まるで獣のように壁を蹴り、天井を駆け、空間そのものを斜めに切るような機動。鎖は追いつけない。目で追うことすら困難だ。
(なんて反射神経……!)
一度鎖を引き戻すと、次の魔法の準備に入った。その間隙を突くように、オルトは正面から突進してくる。
「《結晶の封印》!」
輝く結晶が空間に浮かび、閉じ込めようとするが──オルトはそれすらも足場に変え、踏みつけて高速移動を再開した。
「これも避けられるの……!?」
そのスピードは、もはや雷そのもの。
そして次の瞬間──
目の前に現れたオルトの一閃が、ルーチェの杖を真っ二つにした。
「きゃあっ……!?」
直後、背後に現れたオルトの掌が、ルーチェの背に触れた。バチバチと音を立てて全身を走る電撃。膝が崩れる。
『お嬢様っ!!』
立っていた少年は、涙を流したまま怒りを燃やし続けていた。
「ご、ごめんね……オルトくん……」
もう一度その名を呼ぶと、オルトの耳がまた小さく反応する。
「知ってたのに……すぐに助けてあげられなくて、本当にごめんなさい……痛かったよね、苦しかったよね……ごめんね……!」
少年の瞳が、怒りと混じった涙で歪む。
歯を食いしばり、雷が再び燃え上がる。
「アアアアアアァァァッ!!」
ルーチェの目の前に、雷が突っ込んできた。
だが──彼女は杖を構えず、両手を広げていた。
『お嬢様、何を──!?』
そのまま、雷を纏った少年の手を──その体を、抱きしめた。
「う……ぐぅっ……!」
耐えきれないほどの電撃が体を焼く。だがルーチェは、決して離さなかった。
(痛い……苦しい……でも……。この子の方が、ずっと……ずっと痛かったんだ……)
その時、ルーチェの中にふと、光が差すように「魔法のかたち」が浮かんだ。
───《絆の光》の、次なる姿。
「《心の救済》……!」
その手から、優しい光があふれ出す。まるで誰かの手が、そっと背を撫でるような、柔らかな癒し。
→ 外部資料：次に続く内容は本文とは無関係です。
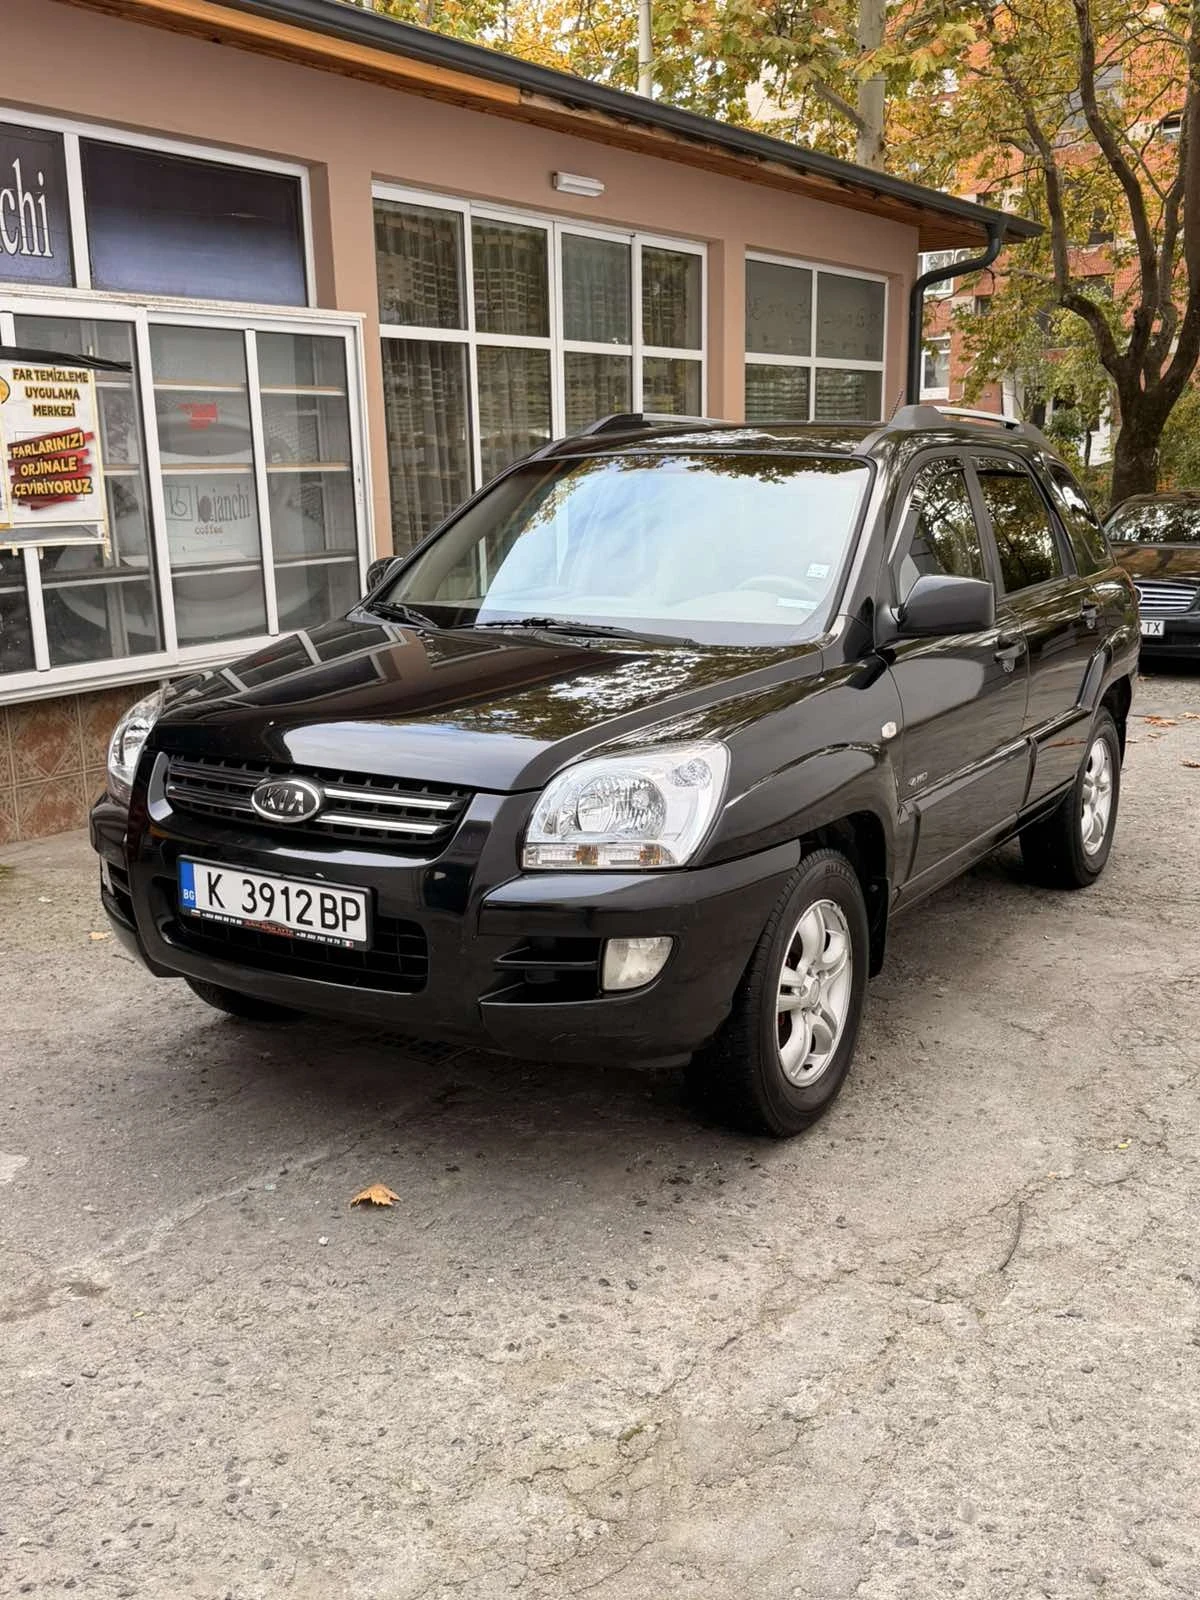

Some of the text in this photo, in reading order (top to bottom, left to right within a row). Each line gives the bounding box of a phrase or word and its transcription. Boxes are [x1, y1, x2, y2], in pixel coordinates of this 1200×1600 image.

紫色の雷が静まっていく。耳がペタンと垂れ下がり、オルトは彼女の胸の中で──ただ、泣いた。
「ぐす……っ……うぅ……」
ルーチェはその頭をそっと撫でた。
「痛かったね……もう大丈夫だよ……《治癒》」
治癒の光が、少年の傷を癒していく。一瞬ビクリと反応したオルトだったが、それが“優しいもの”だと分かると、微かに力を抜いた。
ある程度外傷が癒えた頃、ルーチェはフラつきながらも立ち上がる。そしてオルトの手をそっと握った。
「行こう。お姉ちゃんと外に出よう? あなたが守ってた子たちは、私の仲間が連れていってるから──大丈夫」
オルトは少しの間、震えたまま黙っていたが──やがて小さく、こくんとうなずいて、その手を、ルーチェの手にしっかりと重ねたのだった。